Por fim, Ibaneis disse que mantém a fé no sistema judiciário e que espera que tudo seja esclarecido para que ele possa voltar à chefia do governo local. Ele detalhou que segue à disposição da Justiça. “Estou afastado do Distrito Federal exatamente para que o trabalho dos policiais e da Justiça transcorra sem qualquer óbice, sempre à disposição para novos esclarecimentos”, completou o chefe do Executivo local afastado.
Busca e apreensão
Ibaneis Rocha foi alvo de mandado de busca e apreensão na tarde desta sexta-feira (20/1). A Procuradoria-Geral da República (PGR) é responsável por cumprir cinco mandados contra Ibaneis e também contra o ex-secretário executivo de Segurança Pública do DF, Fernando de Souza Oliveira. A PF também participa da operação. Mandados também estão sendo cumpridos no Palácio do Buriti.

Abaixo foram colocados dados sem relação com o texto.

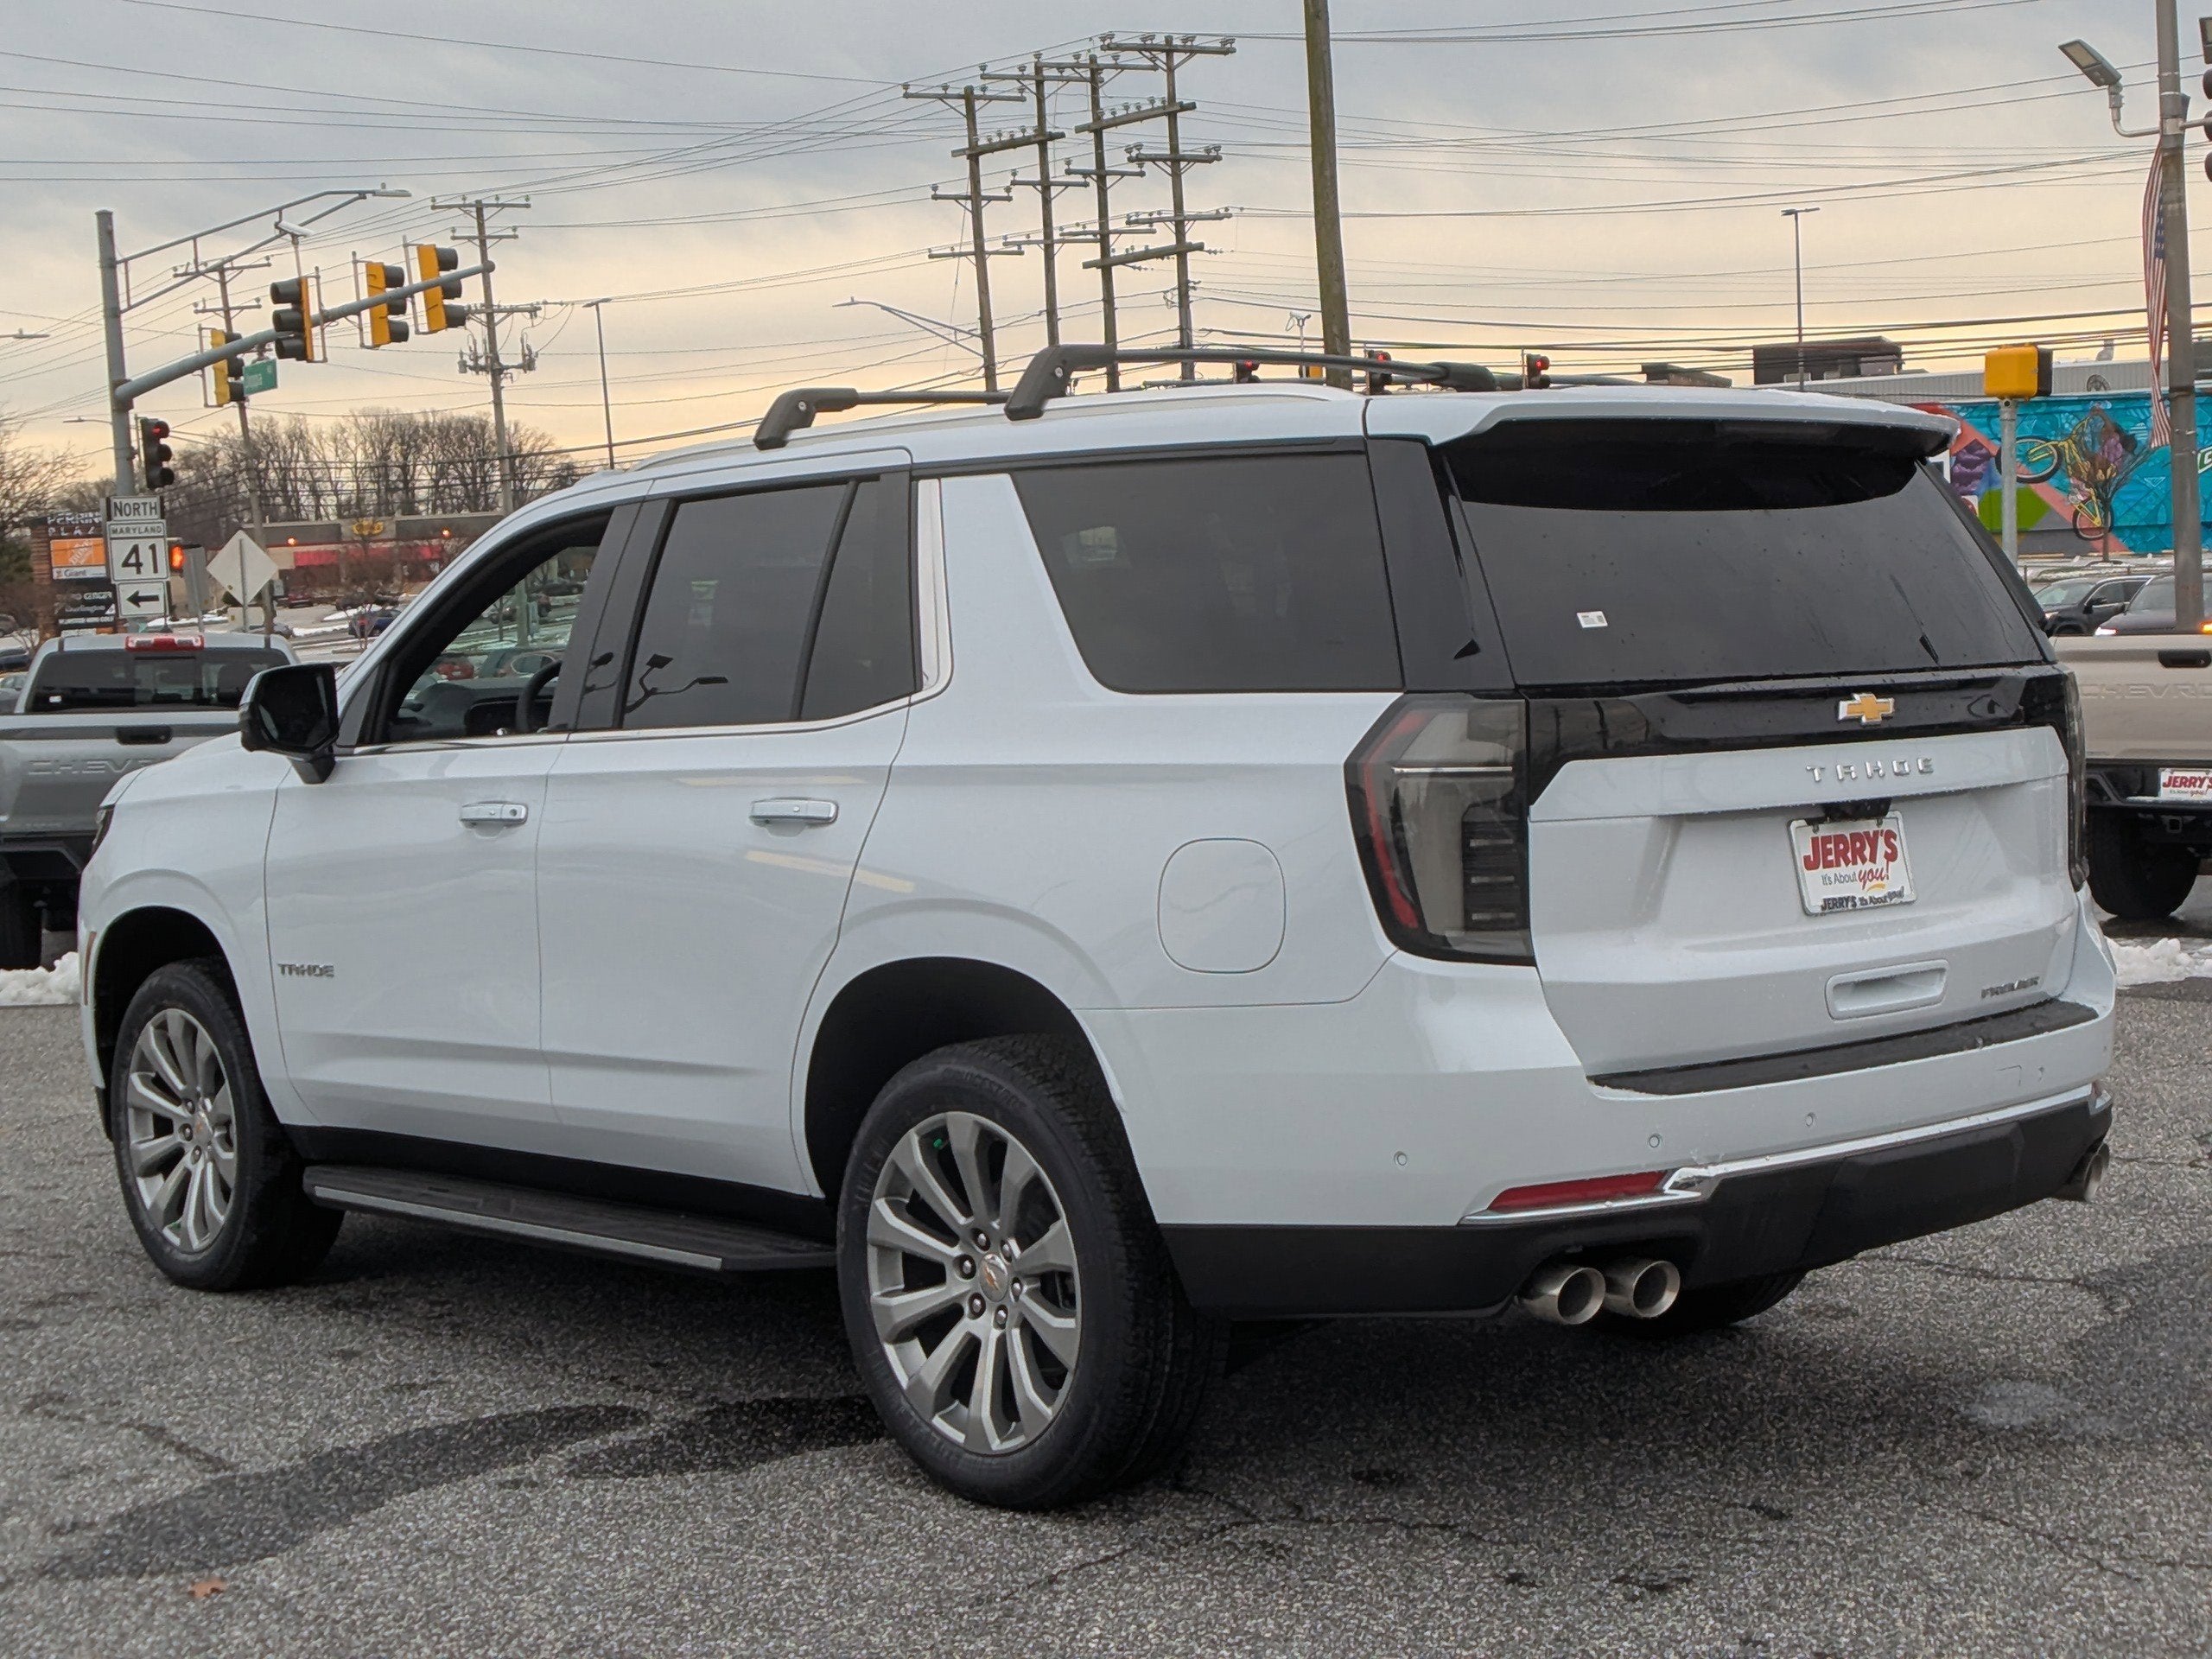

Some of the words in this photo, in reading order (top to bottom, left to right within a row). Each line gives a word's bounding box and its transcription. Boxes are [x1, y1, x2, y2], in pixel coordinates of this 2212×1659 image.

Ibaneis Rocha e Fernando Oliveira são investigados no inquérito que apura a conduta de autoridades durante os atos terroristas que aconteceram na Praça dos Três Poderes no último dia 8 de janeiro. A solicitação para investigar o ex-governador e o ex-secretário executivo veio do Grupo Estratégico de Combate aos Atos Antidemocráticos da PGR e foi autorizada pelo ministro Alexandre de Moraes, do Supremo Tribunal Federal (STF).
Ele está afastado do cargo desde a madrugada do dia 9 de janeiro, quando Moraes determinou o seu afastamento por 90 dias. A defesa do governador afastado trabalha para que o ele possa retornar ao cargo o quanto antes.